A major water source for Shek Pik Reservoir is Tung Chung River. The water, collected by tunnels, is transferred to the reservoir via an underground pipe running between Ngong Ping and Lantau Peak.

==History==
In the 1950s, water shortages affected Hong Kong. To relieve the problem the Hong Kong Government decided to build a reservoir in Shek Pik Heung valley (石壁鄉) and to further develop Lantau Island. The main contractor for the reservoir scheme was Soletanche, a French company.

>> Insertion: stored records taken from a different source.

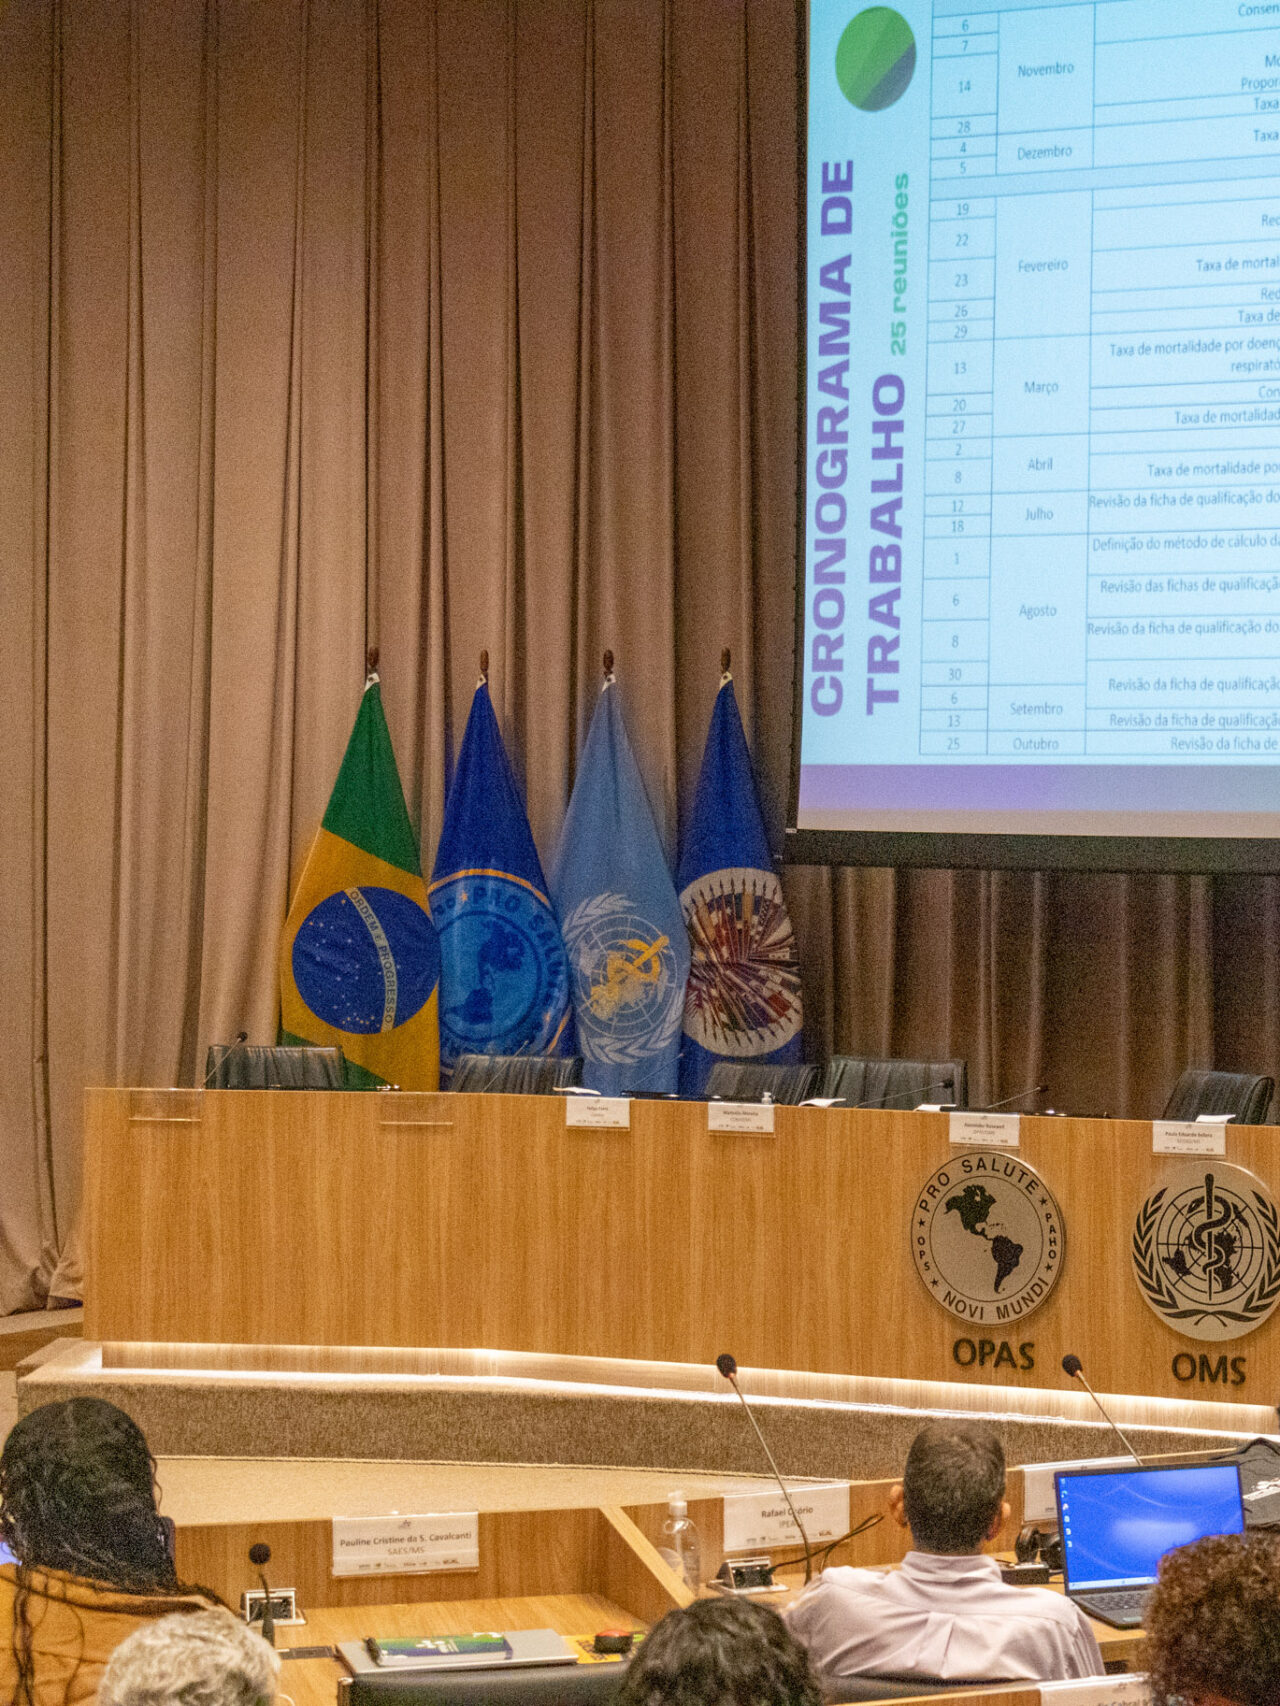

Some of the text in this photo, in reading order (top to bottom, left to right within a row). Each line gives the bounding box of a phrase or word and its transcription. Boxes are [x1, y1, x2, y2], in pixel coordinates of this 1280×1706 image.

[960, 19, 969, 31] 6
[961, 39, 969, 51] 7
[1016, 62, 1075, 78] Novembro
[958, 80, 972, 93] 14
[957, 121, 971, 133] 28
[1253, 130, 1280, 142] Taxa
[959, 142, 967, 153] 4
[1016, 145, 1073, 160] Dezembro
[959, 162, 966, 173] 5
[956, 204, 970, 216] 19
[955, 234, 970, 246] 22
[891, 173, 908, 356] 25 reuniões
[1017, 259, 1069, 273] Fevereiro
[1196, 260, 1222, 272] Taxa
[1223, 258, 1240, 270] de
[954, 274, 969, 286] 23
[954, 305, 968, 317] 26
[954, 326, 968, 338] 29
[953, 362, 967, 374] 13
[1023, 381, 1060, 394] Março
[952, 399, 966, 411] 20
[952, 421, 966, 433] 27
[811, 160, 854, 716] CRONOGRAMA DE
[954, 444, 962, 455] 2
[1026, 458, 1054, 471] Abril
[953, 472, 962, 483] 8
[951, 500, 964, 512] 12
[1025, 508, 1054, 520] Julho
[951, 520, 964, 532] 18
[866, 374, 905, 715] TRABALHO
[951, 594, 960, 606] 6
[1018, 604, 1058, 619] Agosto
[950, 636, 960, 647] 8
[948, 669, 962, 680] 30
[949, 693, 958, 705] 6
[1009, 702, 1064, 714] Setembro
[947, 715, 961, 727] 13
[946, 738, 960, 749] 25
[1012, 738, 1059, 750] Outubro
[1170, 738, 1213, 750] Revisão
[1215, 738, 1230, 750] da
[1233, 738, 1261, 750] ficha
[1263, 738, 1277, 750] de
[351, 891, 379, 933] ORDEM
[378, 945, 396, 1024] PROGRESSO
[920, 1157, 1039, 1212] PRO SALUTE
[1046, 1212, 1056, 1260] PAHO
[917, 1236, 930, 1272] OPS
[942, 1276, 1050, 1320] NOVI MUNDI
[953, 1338, 1035, 1370] OPAS
[1172, 1353, 1246, 1385] OMS
[762, 1508, 814, 1518] Rafael Oório
[340, 1538, 371, 1547] Pauline
[373, 1537, 404, 1545] Cristine
[429, 1532, 472, 1541] Cavalcanti

Prior to construction there were four villages, Shek Pik Tai Tsuen (石壁大村), Fan Pui Tsuen (墳背村), Kong Pui Tsuen (崗貝村) and Hang Tsai Tsuen (坑仔村), in the valley. They were all relocated as part of the reservoir construction.

A Hau Wong Temple was located there and was inundated by the Shek Pik Reservoir in 1960.

In 1961, an 8-mile submarine pipeline was built to move water from the reservoir to Hong Kong Island, submerged from Silvermine Bay to Sandy Bay. Water supply started in November 1963, however there was an internal lining failure.